Kroger’s second-quarter profit topped estimates, but its sales came in below estimates amid ongoing intense competition in the grocery sector.

Net income rose 43.9% to $508 million, or $0.62 per share, from $353 million, or $0.39 per share, in the same period a year ago. Excluding non-recurring items, adjusted earnings per share came in at 41 cents, above estimates of 38 cents.

Sales increased to $27.87 billion from $27.60 billion, below estimates of $27.93 billion.
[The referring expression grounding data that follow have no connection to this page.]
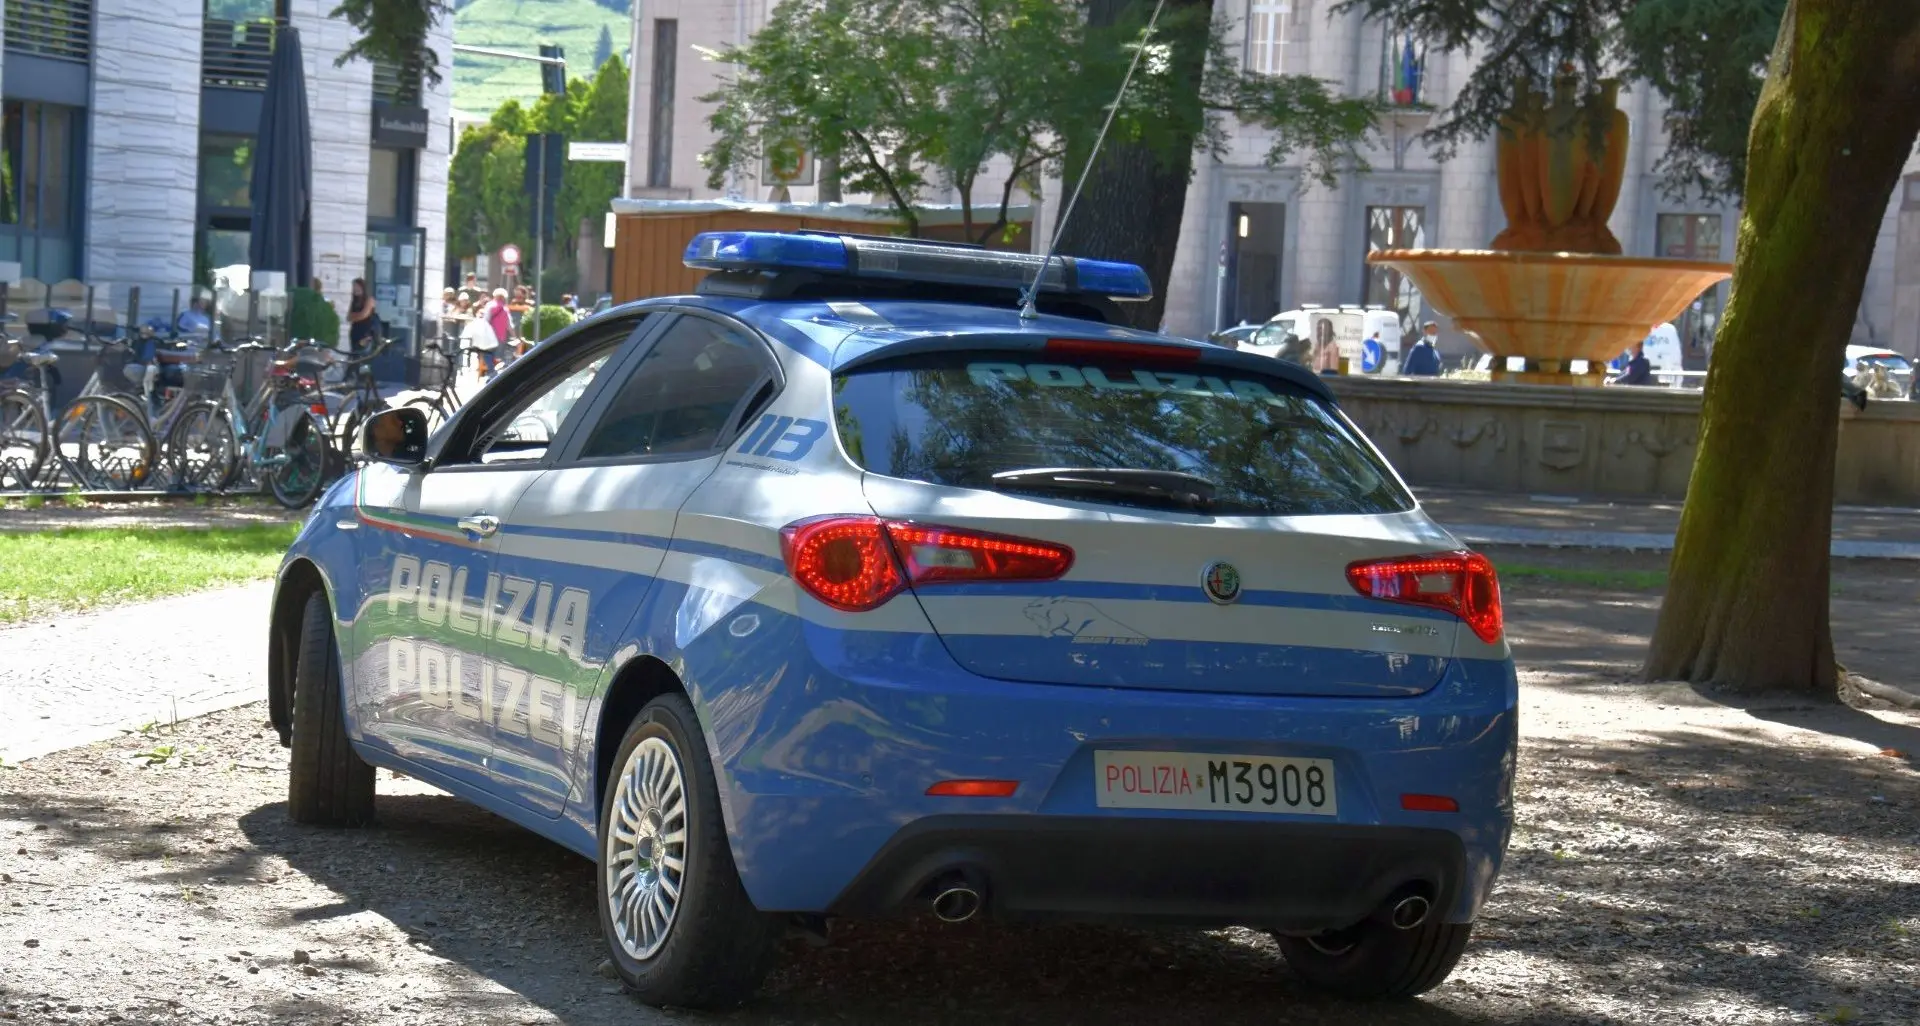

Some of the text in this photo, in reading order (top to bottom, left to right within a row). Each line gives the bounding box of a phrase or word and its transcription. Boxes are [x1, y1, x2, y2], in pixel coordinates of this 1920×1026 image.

[966, 362, 1287, 408] POLIZIA
[736, 413, 828, 461] 113
[387, 553, 591, 662] POLIZIA
[388, 635, 578, 753] POLIZEI
[1106, 760, 1327, 808] POLIZIA M3908
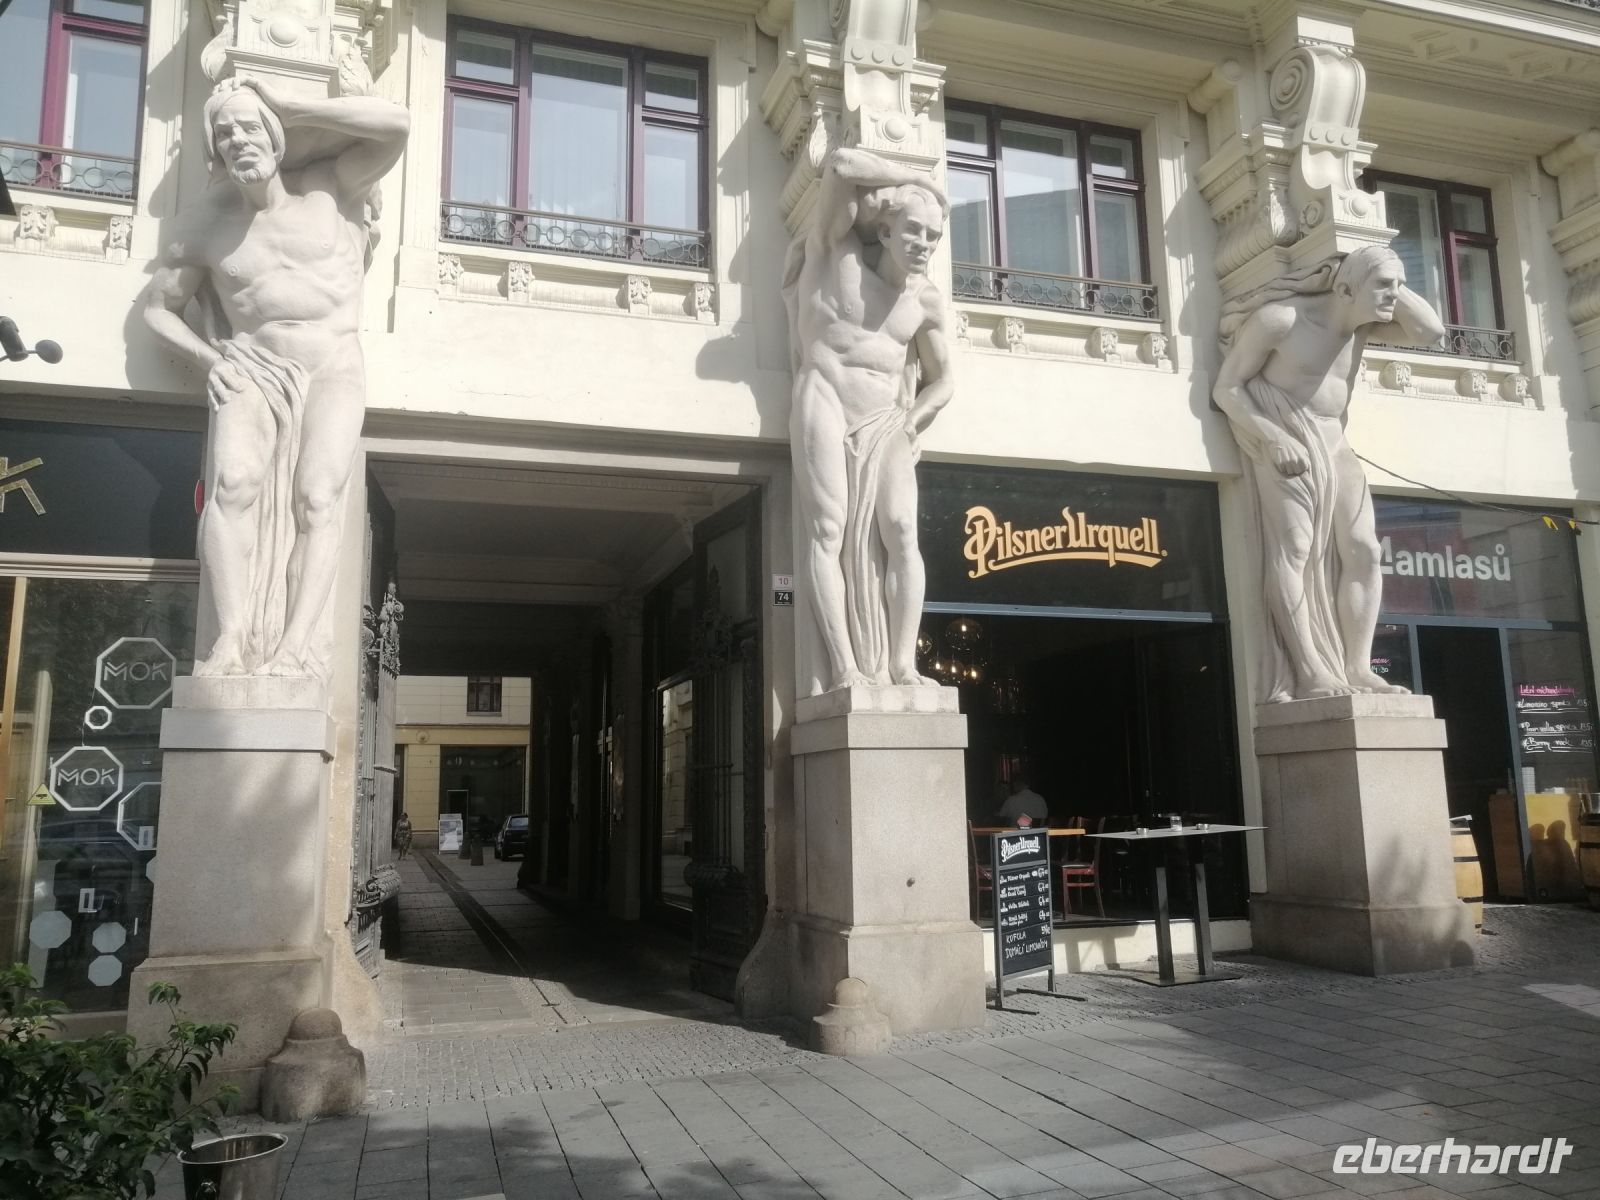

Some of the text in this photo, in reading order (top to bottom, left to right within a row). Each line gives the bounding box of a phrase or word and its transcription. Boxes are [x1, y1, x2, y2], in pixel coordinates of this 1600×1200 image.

Same-store sales rose 1.6%, below expectations.

On its quarterly earnings call, Kroger management said that its ongoing efforts to adjust store layouts and rearrange brands on the shelves, with an emphasis on its own labels, impacted same-store sales.

“This effect is not a surprise to us,” said CEO Rod McMullen on the call. “We expect the headwinds from space optimization during the first half of 2018 to become a tailwind late in the third quarter.”

Looking ahead, the company raised its net EPS guidance range to $3.88 to $4.03 from $3.64 to $3.79, but affirmed its adjusted EPS outlook of $2.00 to $2.15.

Kroger has been investing in a slew of initiatives to grow its online business as it faces fierce competition in the space from Amazon and Walmart.

“We are only two quarters into our three-year Restock Kroger plan, and we are making solid progress,” McMullen stated in a release. “Kroger customers have more ways than ever to engage with us seamlessly through our recently-launched Kroger Ship, expanded the availability of Instacart, successful ClickList offering, and selling Simple Truth in China through Alibaba’s Tmall.”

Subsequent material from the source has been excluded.